[R-meta] Publication bias/sensitivity analysis in multivariate meta-analysis

Michael Dewey ||@t@ @end|ng |rom dewey@myzen@co@uk
Mon Jun 15 12:44:28 CEST 2020

Just to add to Gerta's comprehensive reply.

One IPD analysis in which I was involved had a number of small studies 
which were broadly positive and one large one which was effectively 
null. The investigators were convinced that they were very unlikely to 
have missed any other studies and the most likely explanation for the 
small study effect was that the small studies were conducted by 
enthusiasts for the new therapy who often delivered it themselves 
whereas the large study involved many therapists scattered over the 
country who were more likely to represent how it would actually work if 
rolled out. I suspect similar things often happen for complex interventions.


On 15/06/2020 10:19, Gerta Ruecker wrote:
> Dear Norman, dear all,
> To clarify the notions:
> Small-study effects: All effects manifesting themselves as small studies 
> having different effects from large studies. The notion was coined by 
> Sterne et al. (Sterne, J. A. C., Gavaghan, D., and Egger, M. (2000). 
> Publication and related bias in meta-analysis: Power of statistical 
> tests and prevalence in the literature.

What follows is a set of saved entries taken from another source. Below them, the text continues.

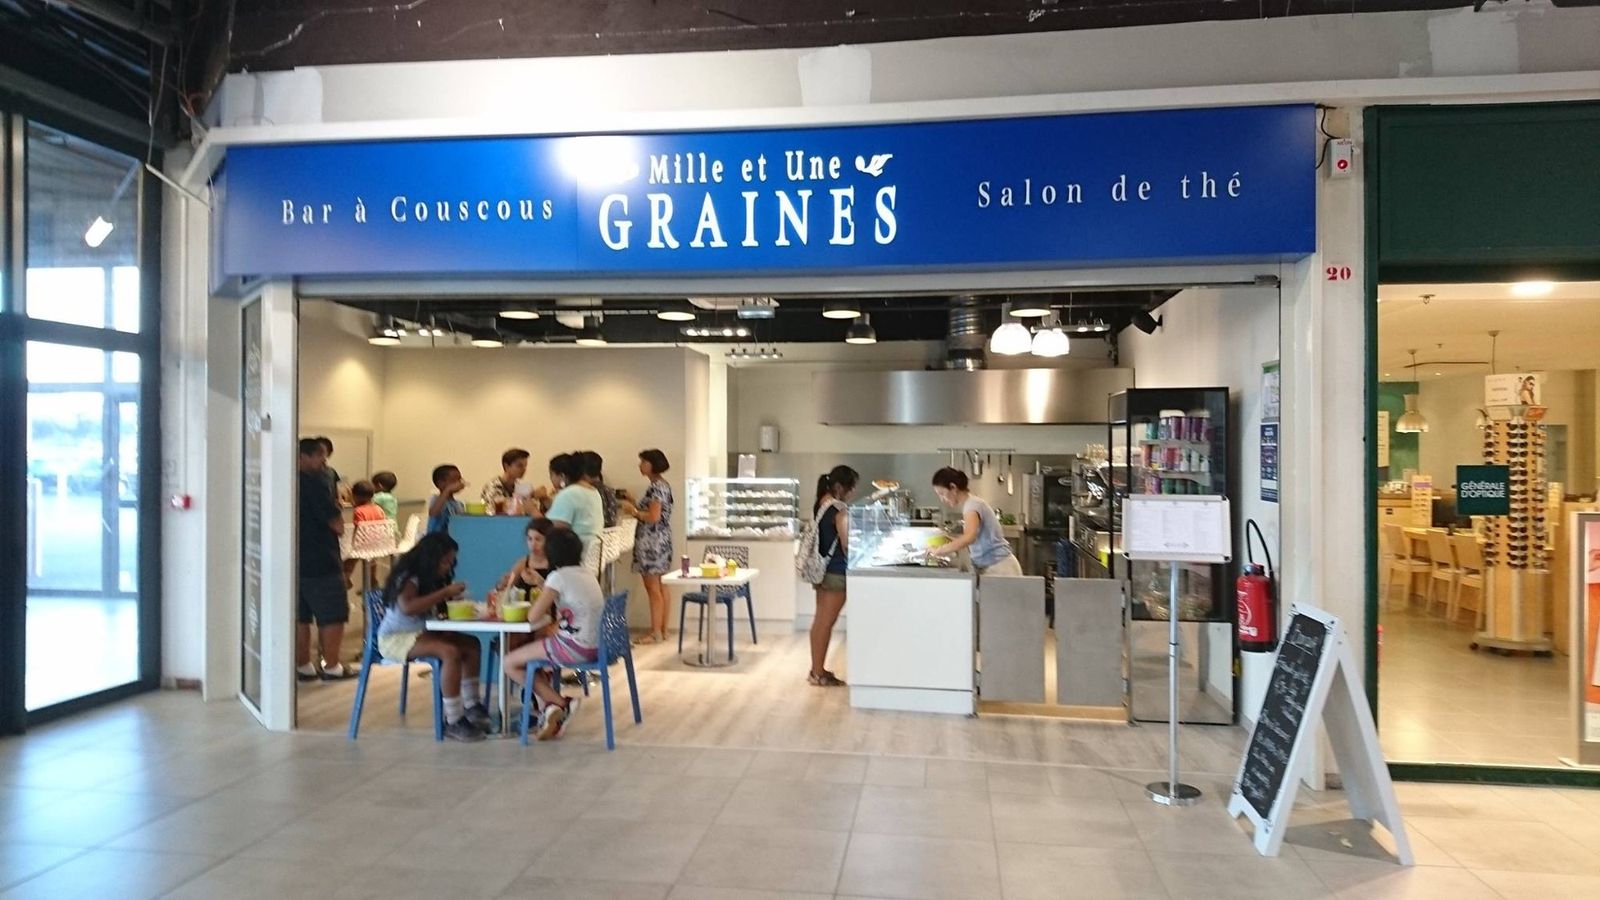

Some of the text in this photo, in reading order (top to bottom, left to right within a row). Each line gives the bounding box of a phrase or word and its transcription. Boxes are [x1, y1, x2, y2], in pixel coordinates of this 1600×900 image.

[649, 150, 841, 185] Mille et Une
[977, 170, 1243, 208] Salon de thé
[281, 196, 554, 225] Bar à Couscous
[598, 184, 898, 251] GRAINES
[1326, 266, 1352, 281] 20

> Journal of Clinical Epidemiology, 53:1119–1129.) Small-study effects are 
> seen in a funnel plot as asymmetry.
> Reasons for small-study effects may be: Heterogeneity, e.g., small 
> studies have selected patients (for example, worse health status); 
> publication bias (see below), mathematical artifacts for binary data 
> (Schwarzer, G., Antes, G., and Schumacher, M. (2002). Inflation of type 
> I error rate in two statistical tests for the detection of publication 
> bias in meta-analyses with binary outcomes. Statistics in Medicine, 
> 21:2465–2477), or coincidence.
> Publication bias is one possible reason of small-study effects and means 
> that small studies with small, no, or undesired effects are not 
> published and therefore not found in the literature. The result is an 
> effect estimate that is biased towards large effects.
> Sensitivity analysis is a possibility to investigate small-study 
> effects. There is an abundance of literature and methods how to do this. 

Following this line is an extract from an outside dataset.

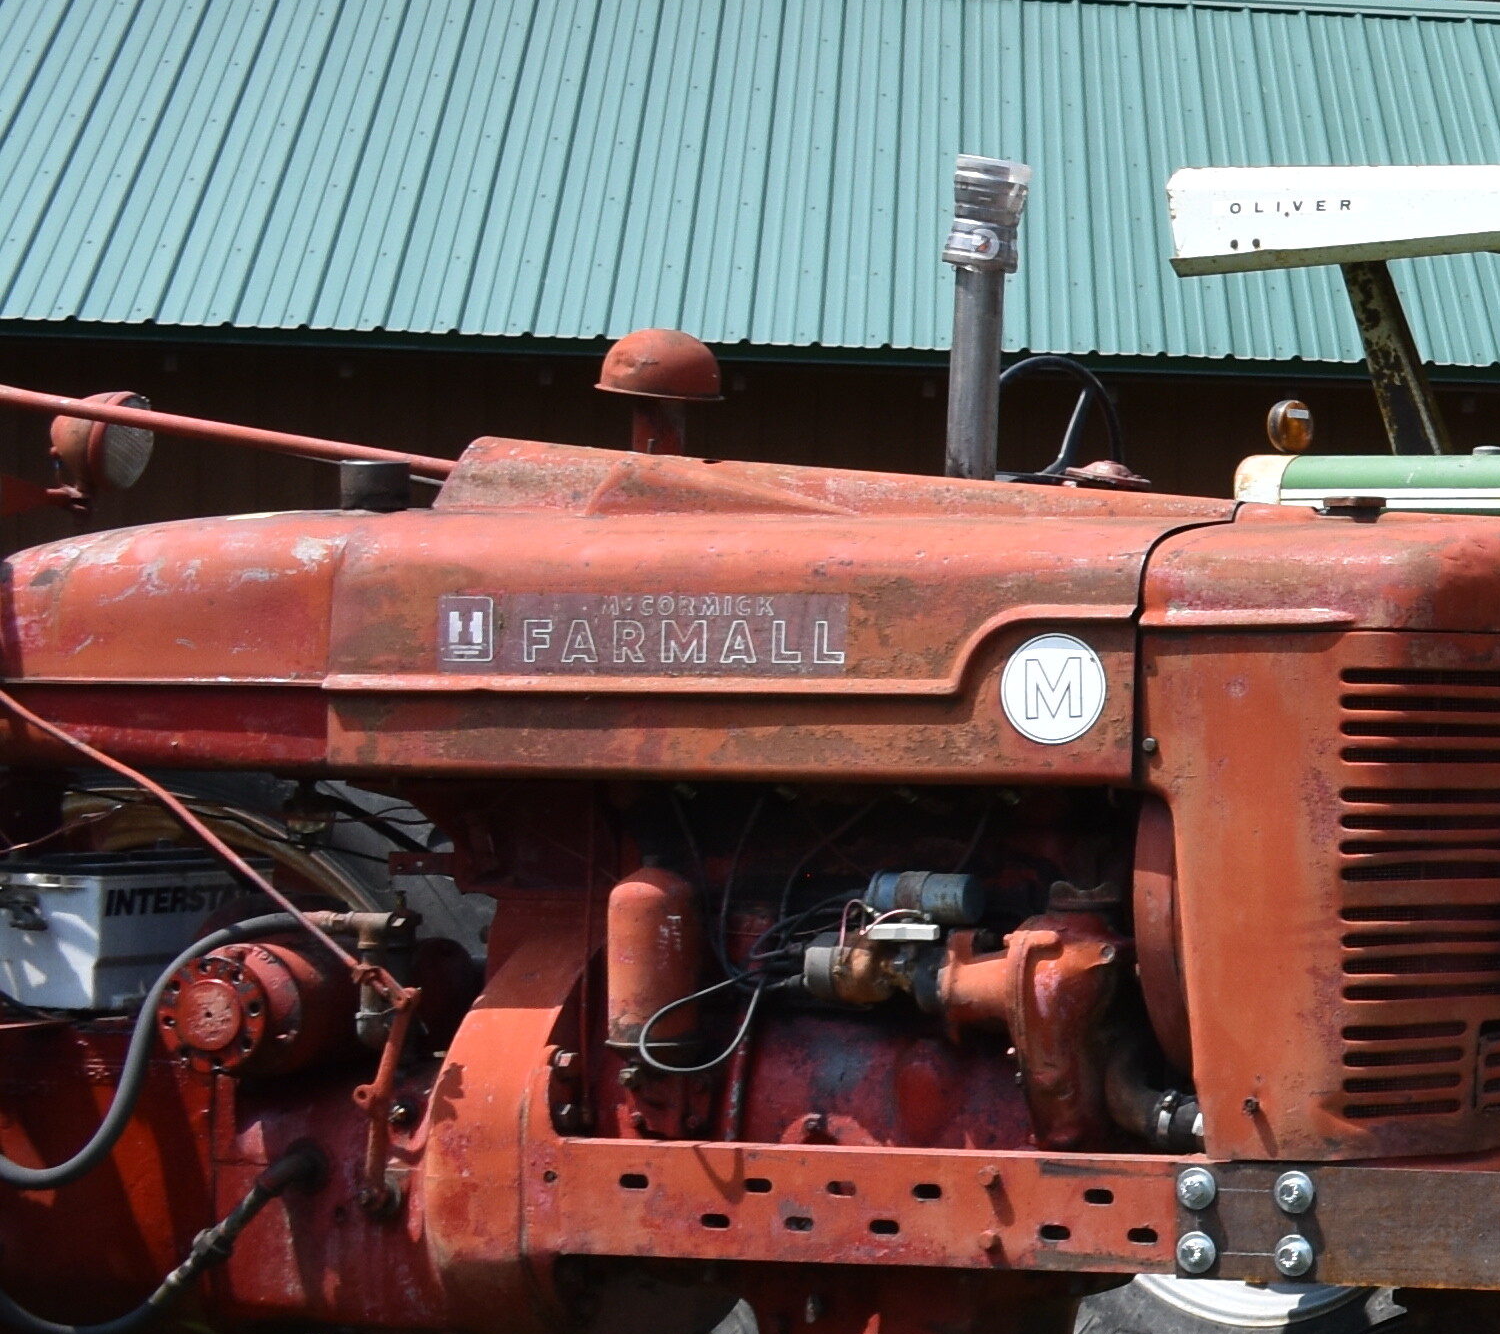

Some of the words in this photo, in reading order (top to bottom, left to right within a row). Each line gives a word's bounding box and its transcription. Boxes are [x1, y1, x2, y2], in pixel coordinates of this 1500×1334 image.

[1229, 199, 1351, 214] OLIVER
[522, 619, 846, 664] FARMALL
[1025, 657, 1082, 720] M

> Well-known models are selection models, e.g. Vevea, J. L. and Hedges, L. 
> V. (1995). A general linear model for estimating effect size in the 
> presence of publication bias. Psychometrika, 60:419–435 or Copas, J. and 
> Shi, J. Q. (2000). Meta-analysis, funnel plots and sensitivity analysis. 

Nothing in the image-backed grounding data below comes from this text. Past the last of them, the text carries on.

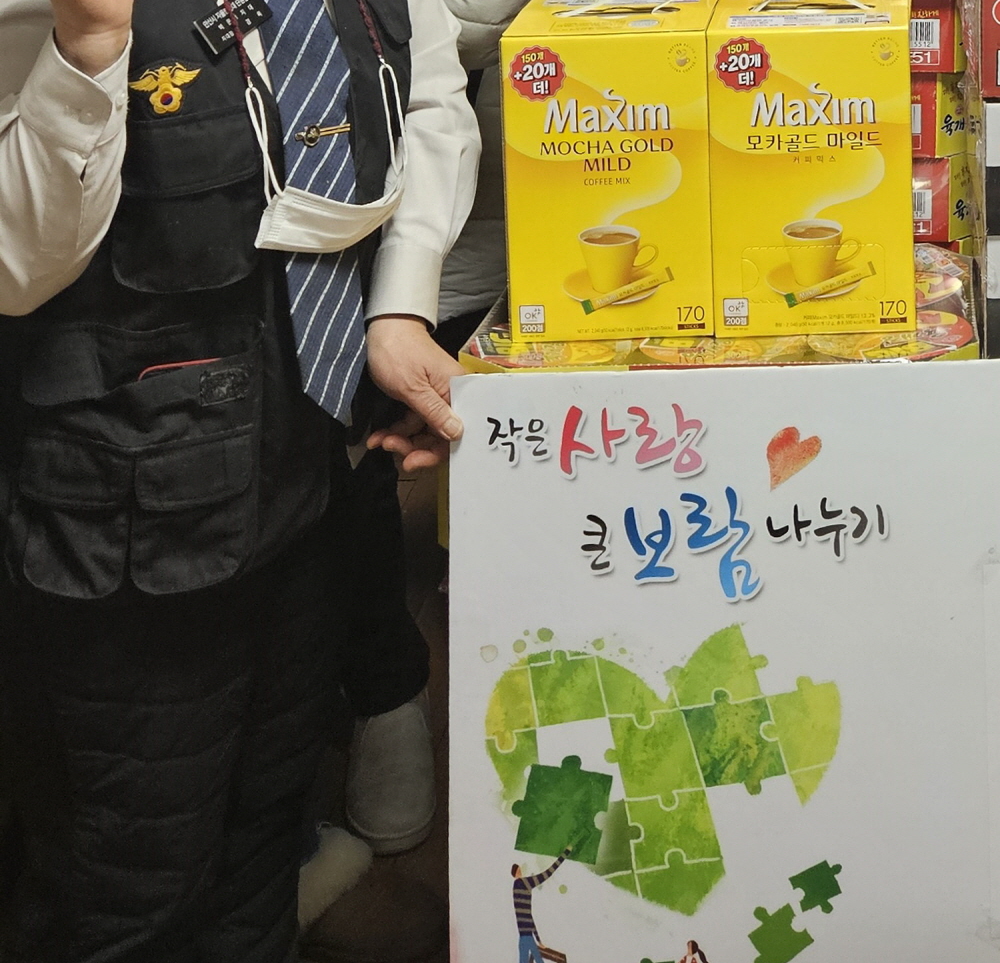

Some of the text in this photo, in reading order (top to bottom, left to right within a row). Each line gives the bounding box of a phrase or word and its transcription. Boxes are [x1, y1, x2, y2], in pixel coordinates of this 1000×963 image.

[726, 42, 749, 55] 150개
[521, 50, 544, 64] 150개
[719, 52, 762, 73] +20개
[910, 50, 931, 64] 51
[513, 62, 557, 82] +20개
[738, 71, 755, 87] 더!
[532, 81, 550, 96] 더!
[544, 89, 671, 133] Maxim
[750, 82, 877, 128] Maxim
[540, 137, 674, 156] MOCHA GOLD
[746, 130, 883, 153] 모카골드 마일드
[583, 157, 631, 172] MILD
[583, 177, 631, 186] COFFEE MIX
[676, 305, 706, 323] 170
[727, 304, 742, 313] OK
[879, 300, 907, 316] 170
[524, 312, 538, 321] OK
[486, 402, 706, 476] 작은 사랑
[581, 486, 887, 599] 큰 보람 나누기

> Biostatistics, 1:247–262.
> I attach a talk with more details.
> Best,
> Gerta
> Am 15.06.2020 um 02:28 schrieb Norman DAURELLE:
>> Hi all, I read this thread, and the topic interests me, but I didn't 
>> quite understand your answer :when you say " Publication bias is a 
>> subset of small study effects where you know the
>> aetiology of the small study effects. If you do not then it is safer to
>> refer to small study effects. "
>> I don't really understand what you mean.I thought publication bias 
>> meant that the studies included in a sample of study didn't really 
>> account for the whole range of possible effect sizes (with their 
>> associated standard error).Is that not what publication bias refers to 
>> ? And if it is, how does it also correspond to the definition you gave 
>> ?Thank you !Norman.
>> ----- Mail d'origine -----
>> De: Michael Dewey <lists using dewey.myzen.co.uk>
>> À: Huang Wu <huang.wu using wmich.edu>, r-sig-meta-analysis using r-project.org
>> Envoyé: Sun, 14 Jun 2020 12:54:30 +0200 (CEST)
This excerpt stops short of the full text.